戻る

電池で「夢の技術」が新たな発見で現実に一歩近づく

Battery ‘Dream Technology’ a Step Closer to Reality with New Discovery

https://news.utexas.edu/      2021.12.06

 

テキサス州オースチン-テキサス大学オースチン校の技術者達によって作成されたナトリウム硫黄電池はスマートフォンから電気自動車まで全ての電力を供給する一般的に使われているリチウム・イオン電池の商業的に実行可能な代替手段としての技術を妨げてきた最大のハードルの1つを解決する。

ナトリウムと硫黄は環境や人権の問題もあるリチウムやコバルトなどの材料よりも安価で広く入手できるため、将来の電池生産にとって魅力的な材料として際立っている。このため研究者達は過去20年間、室温のナトリウム・ベース電池を実行可能にするために取り組んできた。

 「ナトリウムと硫黄は豊富で環境に優しく、考えられる限りのコストが安いため、私はこれを夢の技術と呼んでいる。」とテキサス大学テキサス材料研究所の所長でウォーカー機械工学科のアルムガム・マンシラム教授は述べている。「今後の電化の拡大と再生可能エネルギー貯蔵の必要性の高まりにより、コストと手頃な価格が唯一の支配的な要因になるだろう。」

 テキサス大学オースチン校からの最近の2つのナトリウム電池の進歩の1つで、研究者達は電解質の構成を微調整した。これは電池の充電と放電を刺激するために陽極と陰極の間でイオンが前後に移動するのを容易にする液体である。彼等はナトリウム電池の一般的な問題である樹状突起と呼ばれる針状結晶の成長を研究した。これにより電池が急速に劣化し、短絡し、さらには発火または爆発する可能性がある。

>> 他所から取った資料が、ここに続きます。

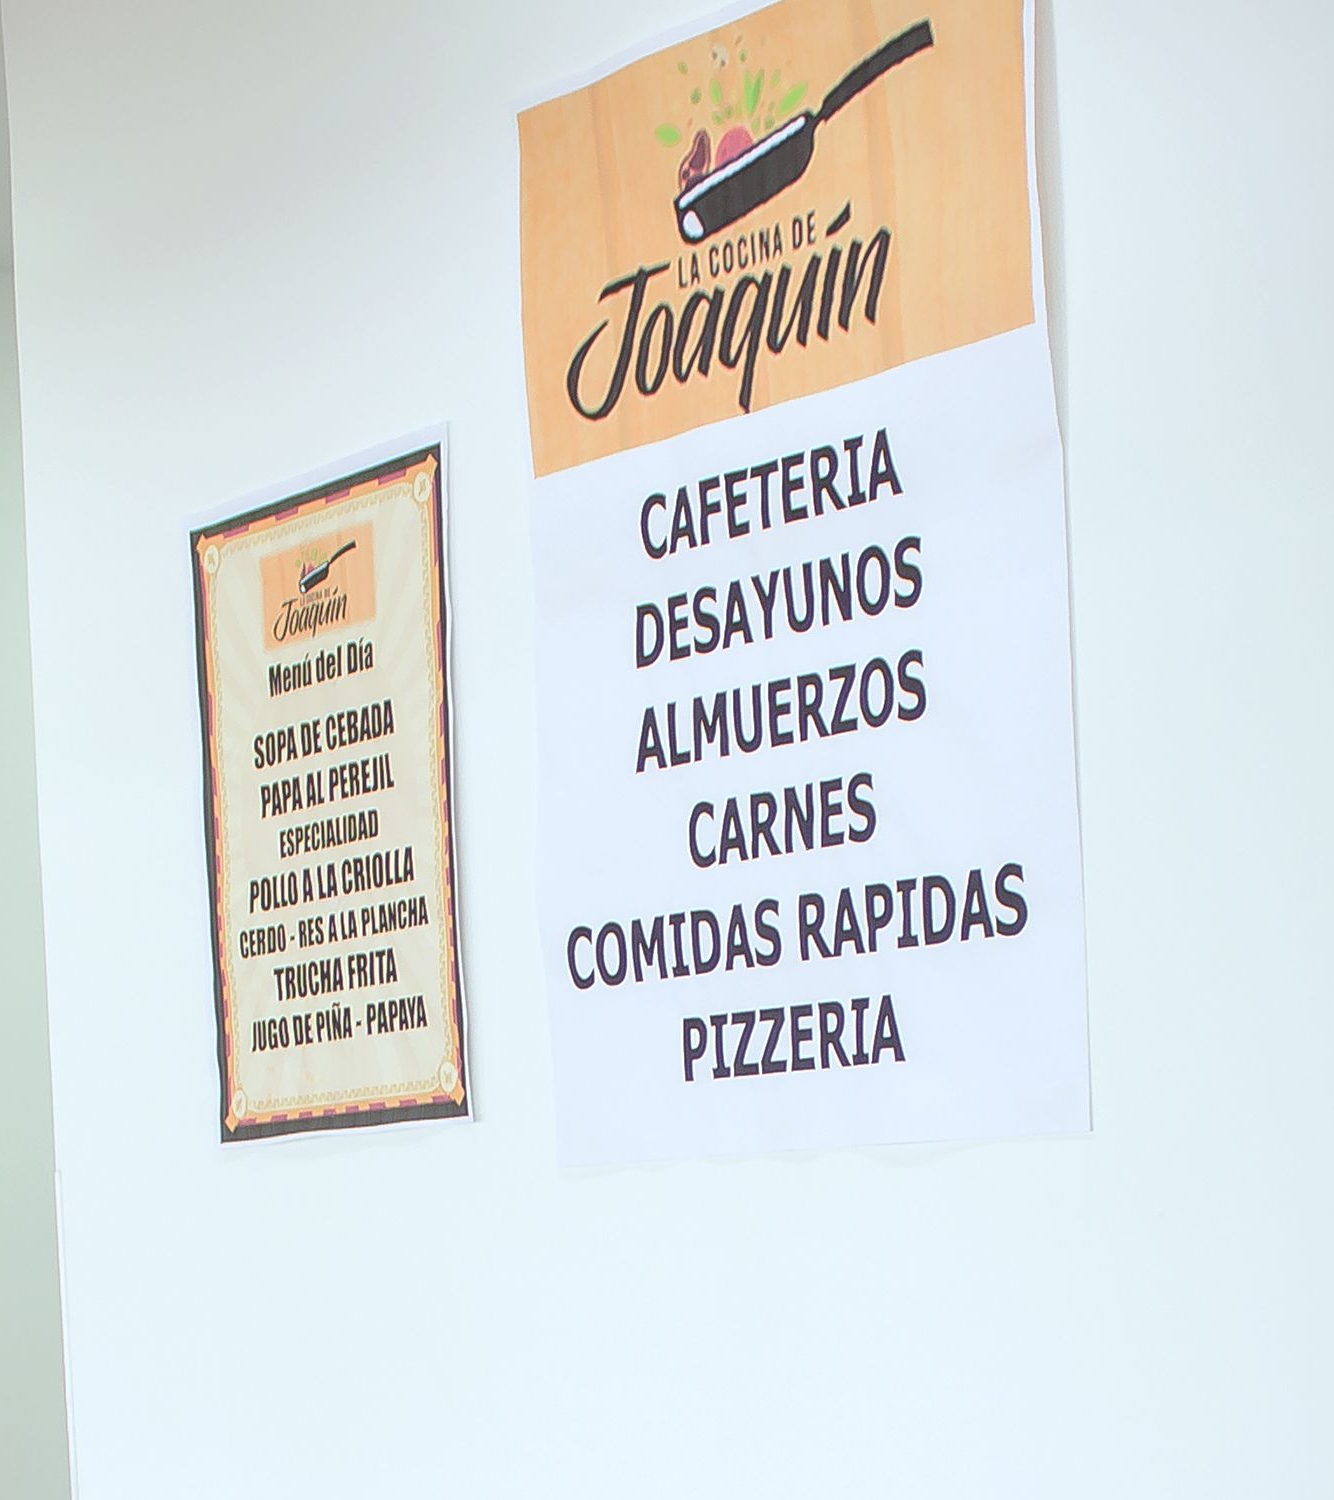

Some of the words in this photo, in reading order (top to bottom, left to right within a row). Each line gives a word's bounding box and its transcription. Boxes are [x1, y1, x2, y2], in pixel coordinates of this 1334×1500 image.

 研究者達はJournal of the American Chemical Societyの最近の論文で彼等の発見を発表した。

 ナトリウム-硫黄電池用の以前の電解質では、硫黄から形成された中間化合物は液体電解質に溶解し、電池内の2つの電極間を移動した。往復移動として知られるこの動的な動きは材料の損失、構成部分の劣化、およびデンドライト形成につながる可能性がある。

 研究者達は硫黄の溶解を防ぎ、往復移動とデンドライトの問題を解決する電解質を作成した。これにより電池の寿命を長くすることができ、300回の充放電サイクルにわたって安定いた性能を発揮する。

 水に砂糖を沢山入れるとシロップ状になる。すべてが解消されるわけではない。」とManthiram研究室の博士課程学生のAmruth Bhargavは述べている。「いくつかのものは半分がリンクされ、半分が解消されている。電池ではこれを半溶解状態にする。」

 新しい電池電解質は濃縮塩溶液を不活性で関与しない溶媒で希釈することにより、同様の方法で設計された。これにより「半溶解」状態が維持される。研究者達はそのような電解質が電極での不要な反応を防ぎ、電池の寿命を延すことを発見した。

 リチウムの価格は過去1年間で急騰し、代替品の必要性を強調している。リチウム鉱業は地下水の大量使用、土壌と水質の汚染、炭素排出などの環境への悪影響について批判されてきた。比較すると、ナトリウムは海洋で入手可能であり、より安価で、より環境に優しいものである。

 リチウム・イオン電池は通常コバルトも使用する。コバルトは高価で、主にアフリカのコンゴ民主共和国で採掘されており、人間の健康と環境に大きな影響を与える。昨年、Manthiramはコバルトを含まないリチウム・イオン電池のデモを行った。

 研究者達は電気自動車や風力や太陽光などの再生可能資源の貯蔵などの技術に適用できるかどうかを確認するためにより大きな電池でテストすることにより、ブレークスルーをさらに発展させることを計画している。

 本論文の他の著者達にはテキサス材料研究所の博士研究員であるJiarui HeWoochul Shinがいる。この研究はアメリカエネルギー省の基礎エネルギー科学局、材料科学工学部門からの助成金で支援された。